I’ve dropped my dirt bike helmet a few times, but never over a

On to a few questions you might still have…

In Case You’re Wondering…

Should I keep my old motorcycle helmet for occasional passengers?

Depends how much you care about that passenger… in all seriousness, make sure your passenger is just as safe as you when you take them for a ride. You are putting their life at risk on the back of your bike, so they deserve good protection. The above checklist applies to helmets for your passenger as well.

I have a good helmet with one broken part. Do I need to toss it out?

As long as the shell and EPS foam are all intact and in good working order, you can still salvage the helmet. Visors and padding can often be replaced by checking with the manufacturer and retailers like Revzilla. If the padding isn’t squeezing your cheeks anymore and you can move the helmet more than an inch on your head in any direction, it’s time to replace those pads.

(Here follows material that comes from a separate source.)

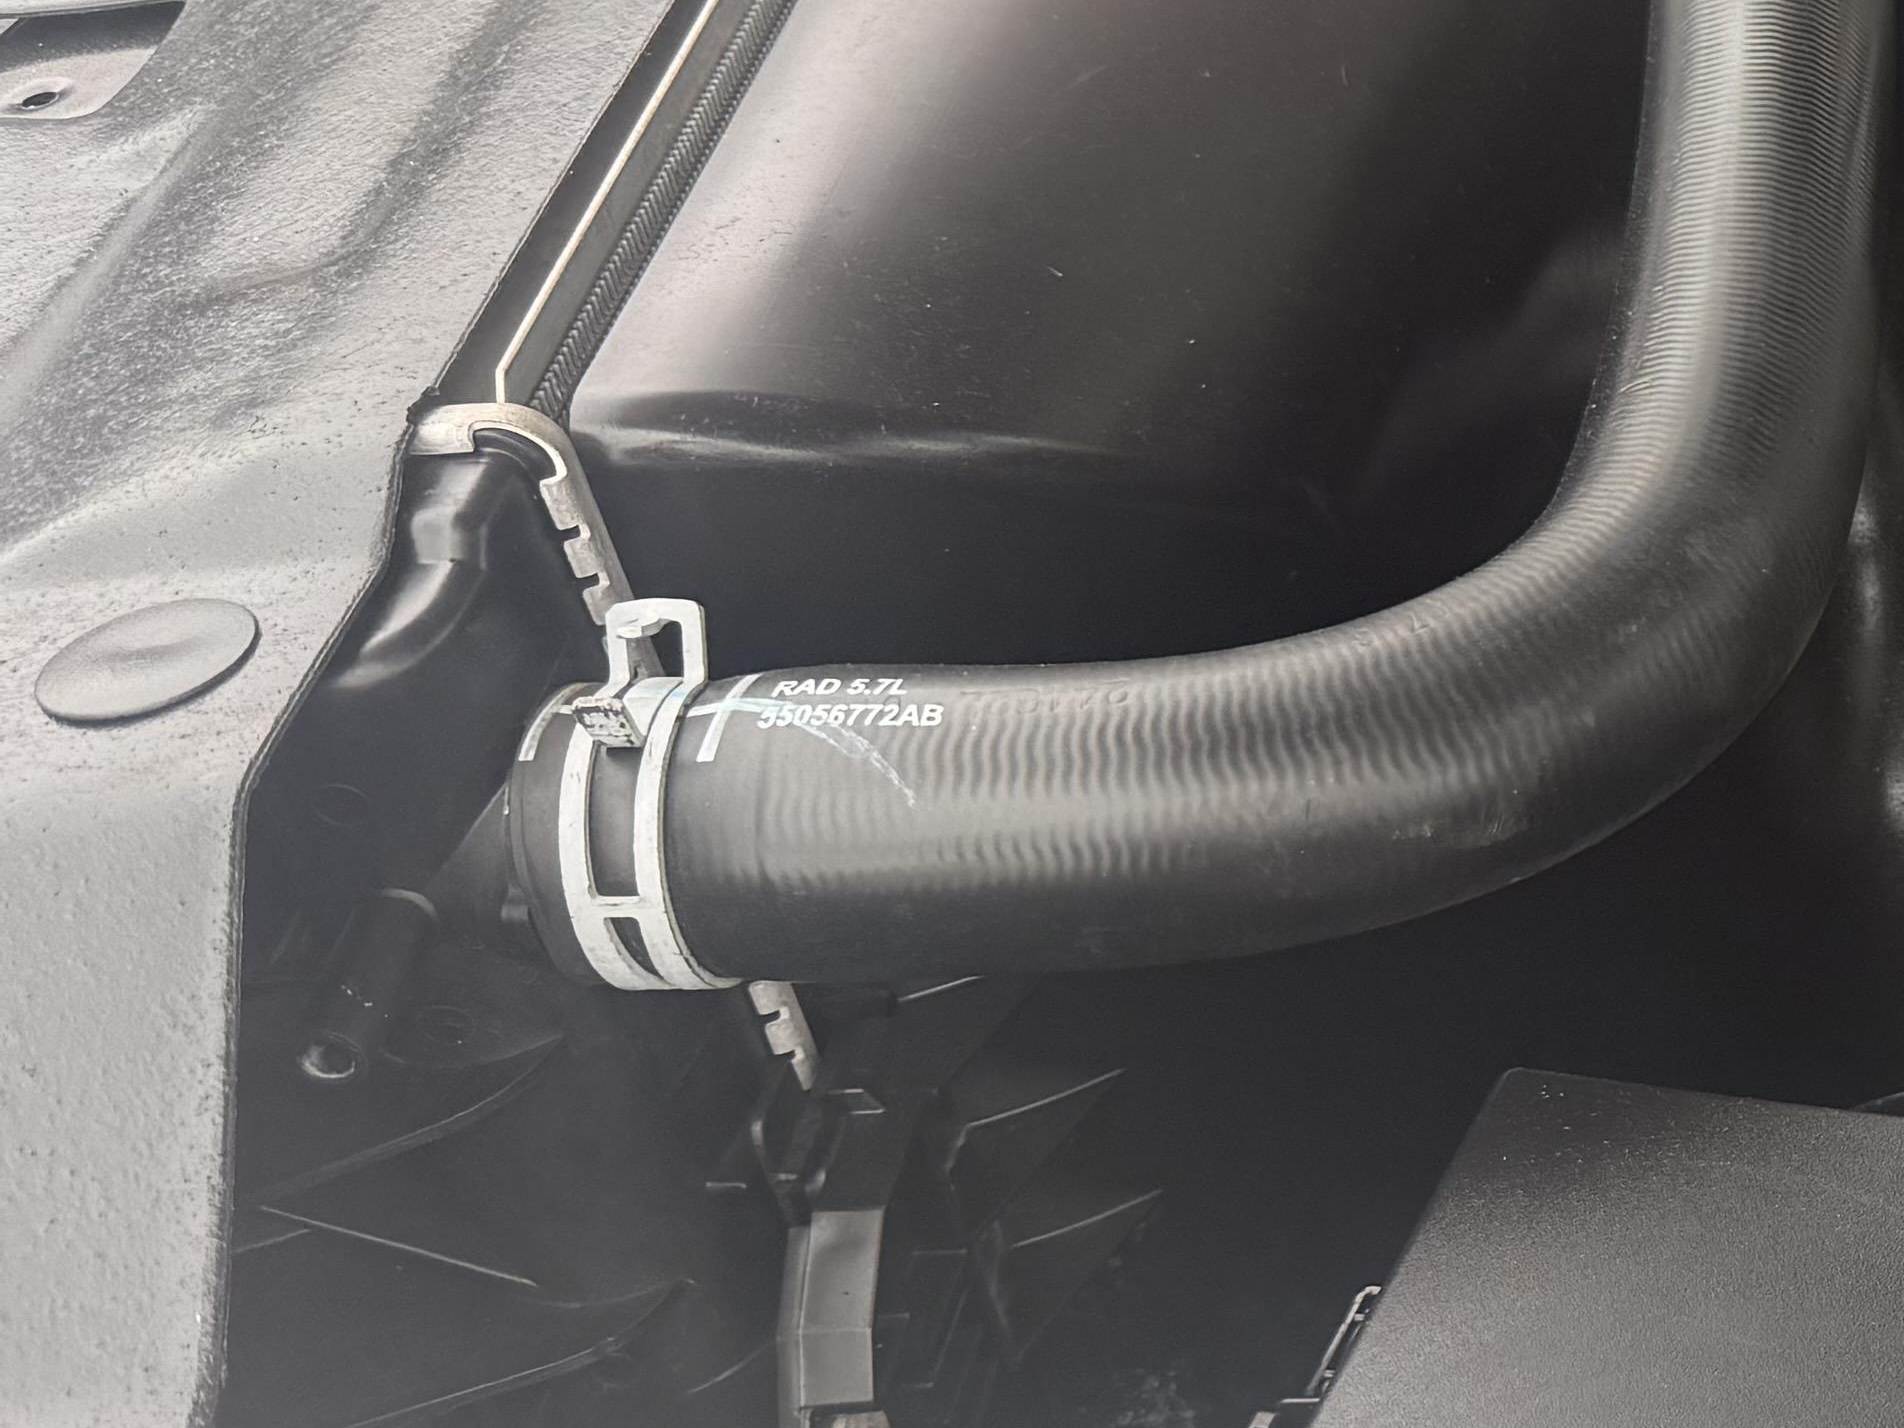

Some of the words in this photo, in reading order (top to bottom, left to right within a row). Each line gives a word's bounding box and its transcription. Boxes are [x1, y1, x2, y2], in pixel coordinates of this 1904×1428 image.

[772, 677, 842, 697] RAD
[846, 677, 908, 696] 5.7L
[756, 703, 945, 729] 55056772AB

Is a helmet that’s been on a shelf for years still good?

So you wore your lid once, then it sat on a shelf for five years without getting any sun or sweat? It might be okay to use, but you really don’t know with that EPS foam. Some foams harden over time, losing that shock-absorbing goodness inside. You’re better off just buying a new helmet.

What can I do with an old motorcycle helmet?

If your helmet is past its prime, it’s time to send it on to its next life. That could be on your shelf as a monument to your glorious bygone days (cut out the chinstrap first to prevent someone using it again!).

Or, you can donate it to emergency services to use during first aid training. That might earn you some good karma, and help all motorcyclists get better medical care in crashes. Don’t cut the chin strap out if you’re donating the helmet!

Finally, you can give it away as a prop – many theatre companies and schools are happy to have a helmet to use for something or other. Who knows what they do. I’m too busy hitting the road to know!

Whatever you do, please do NOT sell your used helmet to a fellow rider if it’s not road worthy anymore. Motorcycling is dangerous enough as it is!

Should I buy a used helmet?

Please do not buy a used helmet! Like your mom used to say about sticking random stuff in your mouth – “You don’t know where that’s been.” You might be buying an outright fake or a crashed helmet. Just buy from a reputable manufacturer through a reputable retailer like Revzilla. This goes for free helmets tossed in when you buy a bike too – just not worth the risk.

When do motorcycle helmets expire?

The industry and safety experts are clear on when motorcycle helmets expire: in 5 to 7 years. You’ll find this figure mentioned on the websites of top manufacturers like Arai and AGV. Shoei says every 3 years. Of course, all these companies make money by selling helmets, so take those numbers with a grain of salt. But as helmet safety technology continues to advance, you’ll get a much better product every couple years for even less of your hard earned money.